**WHAT IS NEEDED**: Strip out the pictures and output each remaining line of the data word for word.

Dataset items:
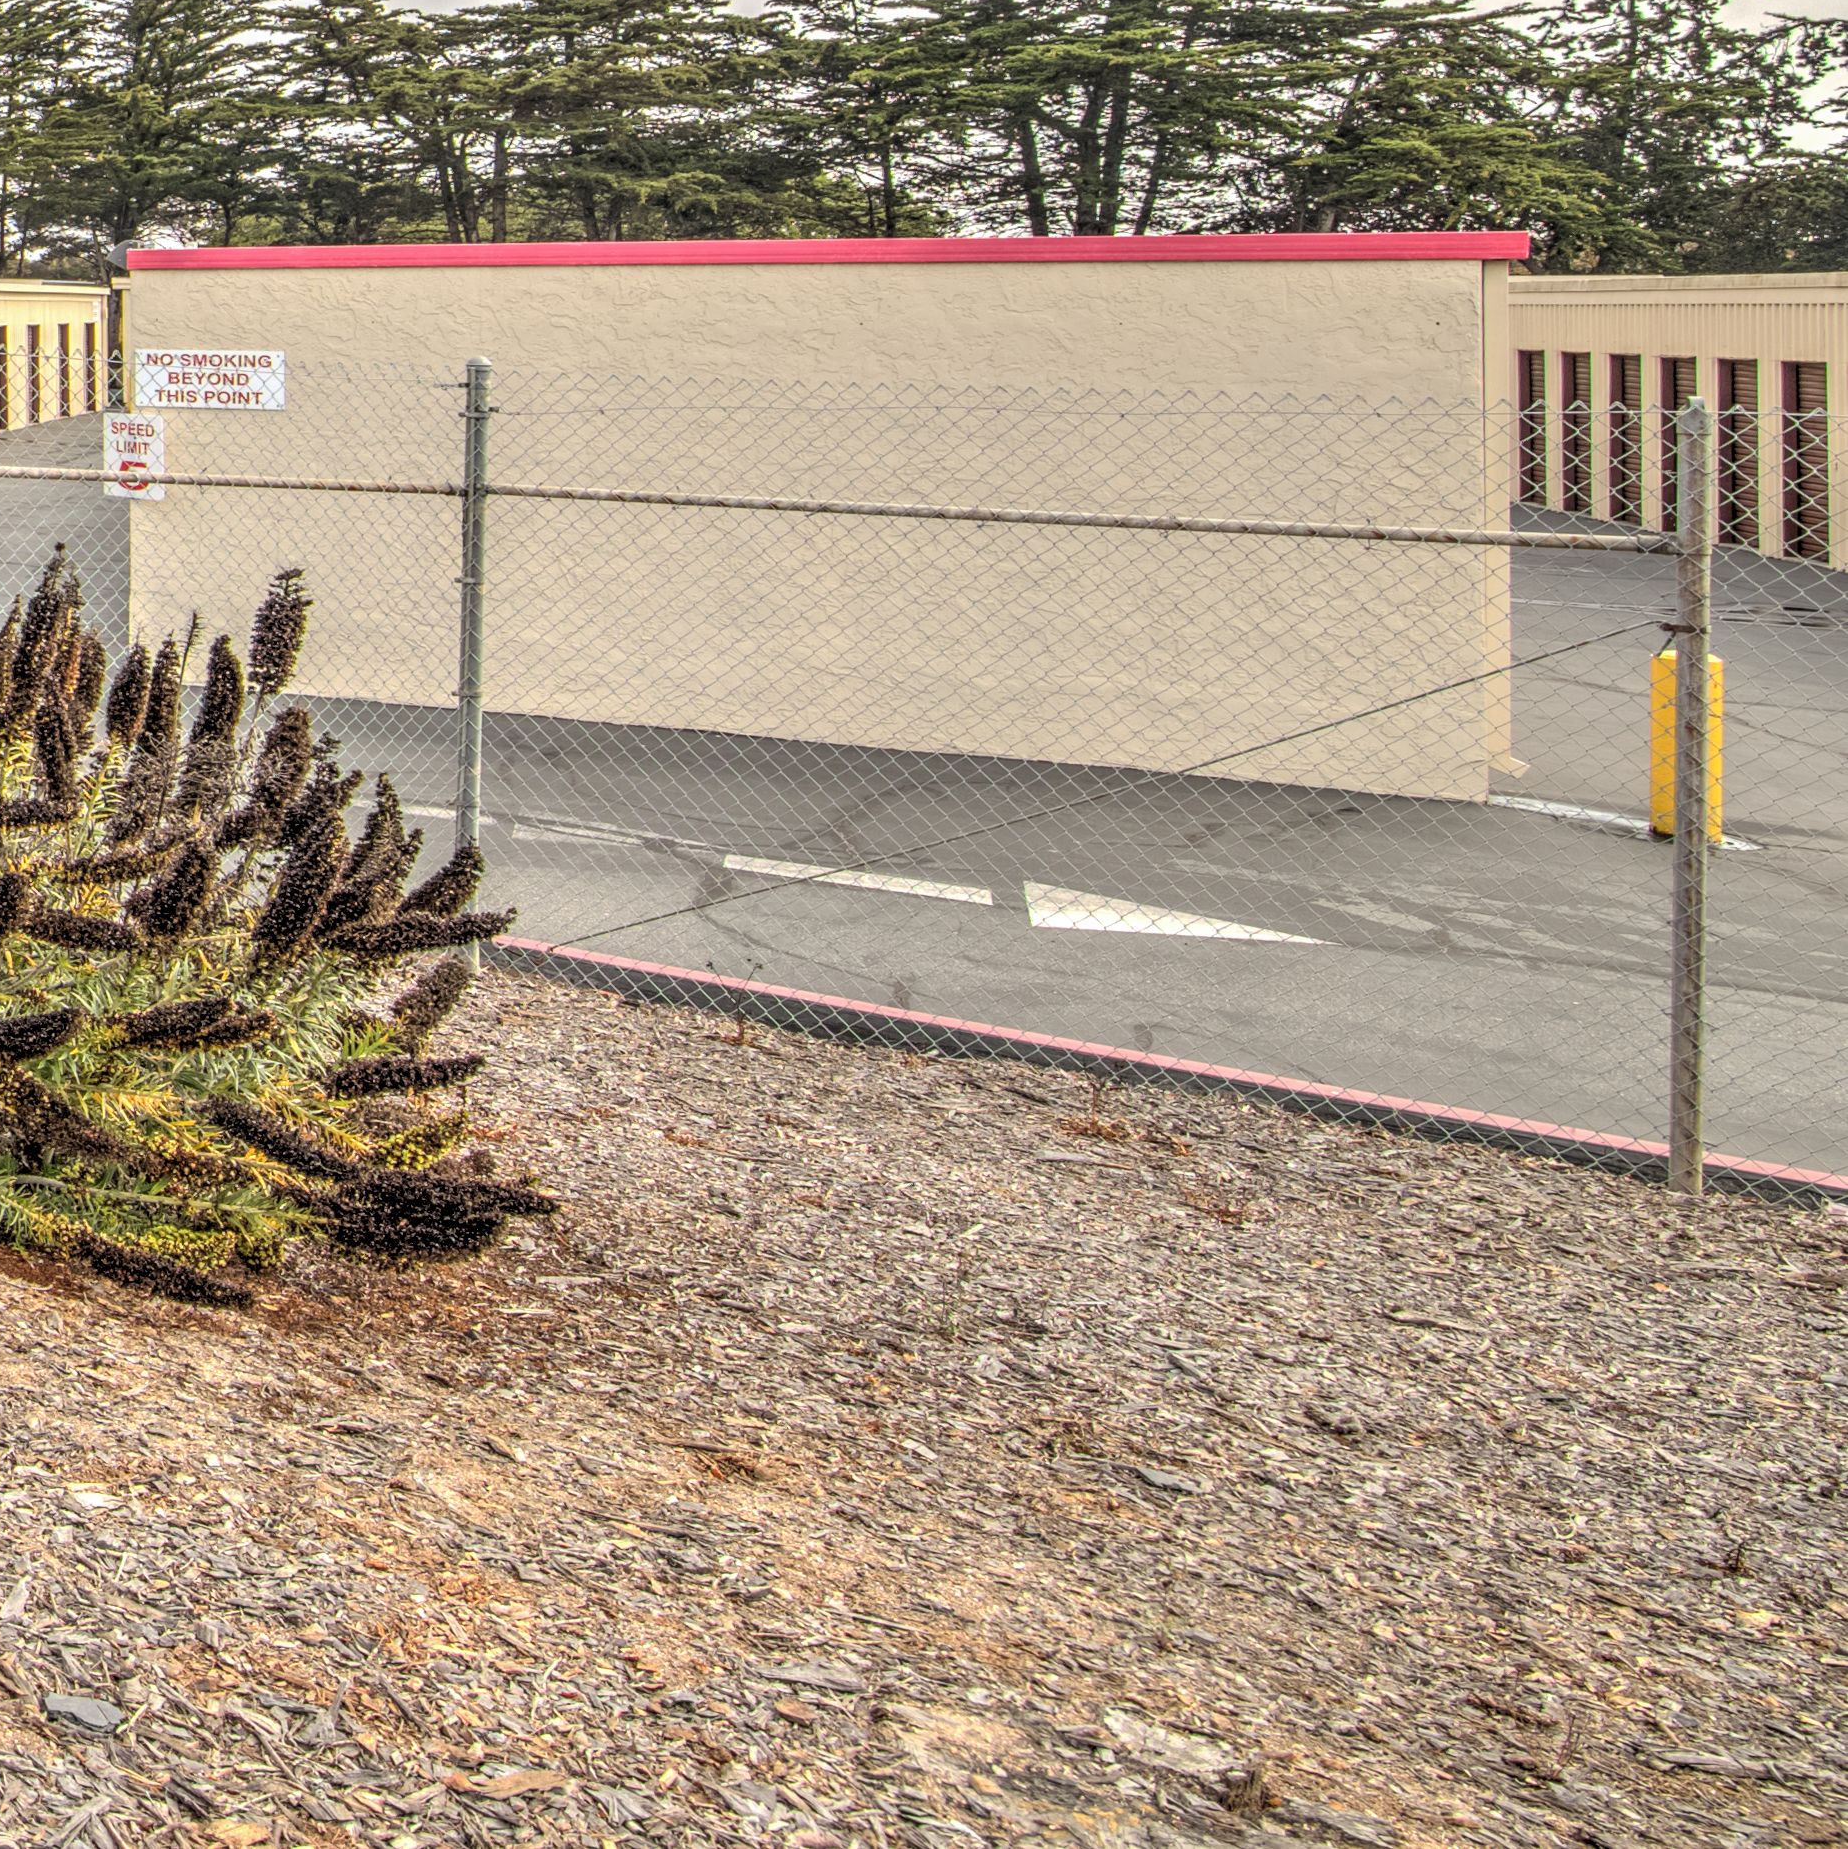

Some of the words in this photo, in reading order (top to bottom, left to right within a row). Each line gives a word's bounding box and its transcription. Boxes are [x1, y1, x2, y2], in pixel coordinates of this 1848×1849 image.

[147, 353, 173, 366] NO
[180, 353, 272, 368] SMOKING
[168, 372, 249, 386] BEYOND
[156, 390, 197, 403] THIS
[205, 390, 263, 404] POINT
[111, 422, 155, 437] SPEED
[116, 440, 150, 455] LIMIT
[118, 460, 149, 491] 5

**PROBLEM SOLUTION**:
Some of the words in this photo, in reading order (top to bottom, left to right within a row). Each line gives a word's bounding box and its transcription. Boxes are [x1, y1, x2, y2], in pixel coordinates of this 1848×1849 image.

[147, 353, 173, 366] NO
[180, 353, 272, 368] SMOKING
[168, 372, 249, 386] BEYOND
[156, 390, 197, 403] THIS
[205, 390, 263, 404] POINT
[111, 422, 155, 437] SPEED
[116, 440, 150, 455] LIMIT
[118, 460, 149, 491] 5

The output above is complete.